*Exercise*. What you return should match the data word for word, minus the images.

--- Material shown Enclosed Below ---

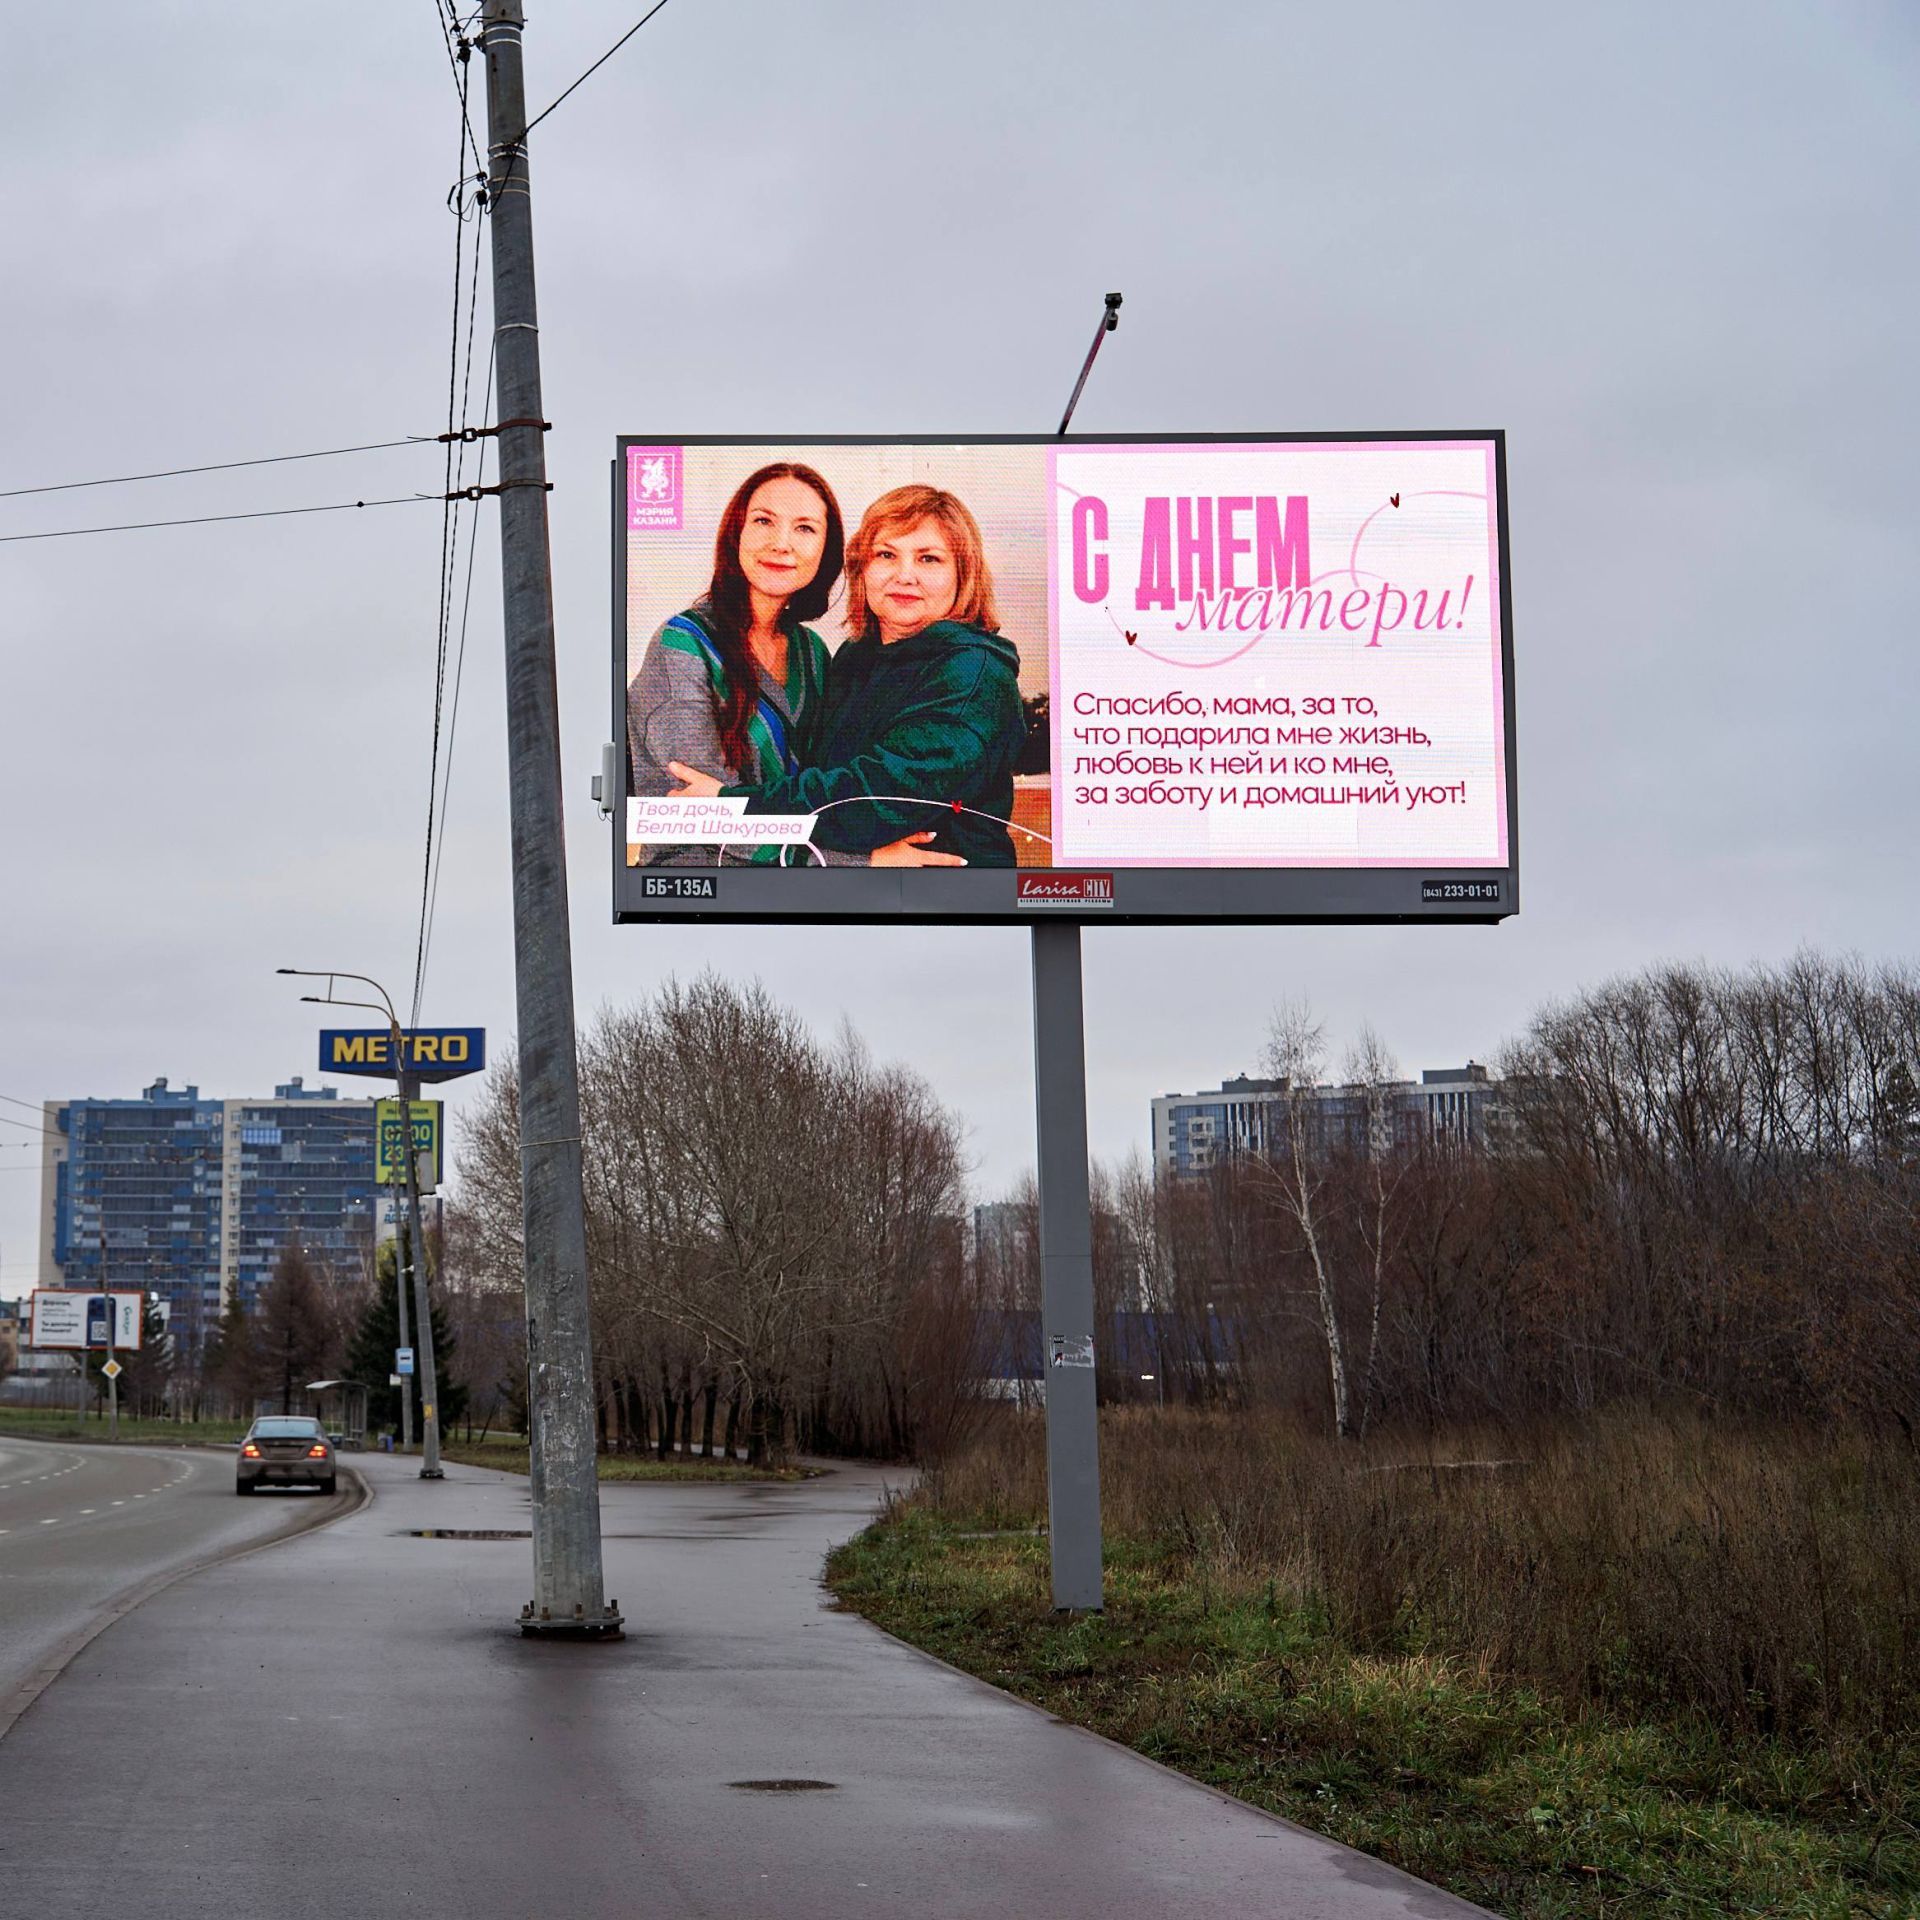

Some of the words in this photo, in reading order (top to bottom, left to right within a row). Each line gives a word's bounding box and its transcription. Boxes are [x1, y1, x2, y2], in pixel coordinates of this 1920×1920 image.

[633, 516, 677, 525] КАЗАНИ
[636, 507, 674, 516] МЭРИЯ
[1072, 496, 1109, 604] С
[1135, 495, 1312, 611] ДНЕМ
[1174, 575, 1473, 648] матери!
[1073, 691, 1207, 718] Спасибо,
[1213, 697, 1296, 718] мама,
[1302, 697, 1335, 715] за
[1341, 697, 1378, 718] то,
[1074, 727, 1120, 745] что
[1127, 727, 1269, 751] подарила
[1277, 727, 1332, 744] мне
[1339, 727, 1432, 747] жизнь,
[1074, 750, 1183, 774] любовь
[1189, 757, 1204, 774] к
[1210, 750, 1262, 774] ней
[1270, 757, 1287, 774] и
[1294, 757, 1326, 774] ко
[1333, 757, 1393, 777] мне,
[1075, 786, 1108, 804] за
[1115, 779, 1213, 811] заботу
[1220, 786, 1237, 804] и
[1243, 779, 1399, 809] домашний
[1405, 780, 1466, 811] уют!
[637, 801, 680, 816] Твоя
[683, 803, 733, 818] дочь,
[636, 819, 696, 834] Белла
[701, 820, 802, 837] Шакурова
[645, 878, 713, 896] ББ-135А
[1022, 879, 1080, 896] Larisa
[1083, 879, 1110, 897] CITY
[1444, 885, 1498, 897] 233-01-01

--- End of Enclosed Material shown ---

*Response to this exercise*.
Some of the words in this photo, in reading order (top to bottom, left to right within a row). Each line gives a word's bounding box and its transcription. Boxes are [x1, y1, x2, y2], in pixel coordinates of this 1920×1920 image.

[633, 516, 677, 525] КАЗАНИ
[636, 507, 674, 516] МЭРИЯ
[1072, 496, 1109, 604] С
[1135, 495, 1312, 611] ДНЕМ
[1174, 575, 1473, 648] матери!
[1073, 691, 1207, 718] Спасибо,
[1213, 697, 1296, 718] мама,
[1302, 697, 1335, 715] за
[1341, 697, 1378, 718] то,
[1074, 727, 1120, 745] что
[1127, 727, 1269, 751] подарила
[1277, 727, 1332, 744] мне
[1339, 727, 1432, 747] жизнь,
[1074, 750, 1183, 774] любовь
[1189, 757, 1204, 774] к
[1210, 750, 1262, 774] ней
[1270, 757, 1287, 774] и
[1294, 757, 1326, 774] ко
[1333, 757, 1393, 777] мне,
[1075, 786, 1108, 804] за
[1115, 779, 1213, 811] заботу
[1220, 786, 1237, 804] и
[1243, 779, 1399, 809] домашний
[1405, 780, 1466, 811] уют!
[637, 801, 680, 816] Твоя
[683, 803, 733, 818] дочь,
[636, 819, 696, 834] Белла
[701, 820, 802, 837] Шакурова
[645, 878, 713, 896] ББ-135А
[1022, 879, 1080, 896] Larisa
[1083, 879, 1110, 897] CITY
[1444, 885, 1498, 897] 233-01-01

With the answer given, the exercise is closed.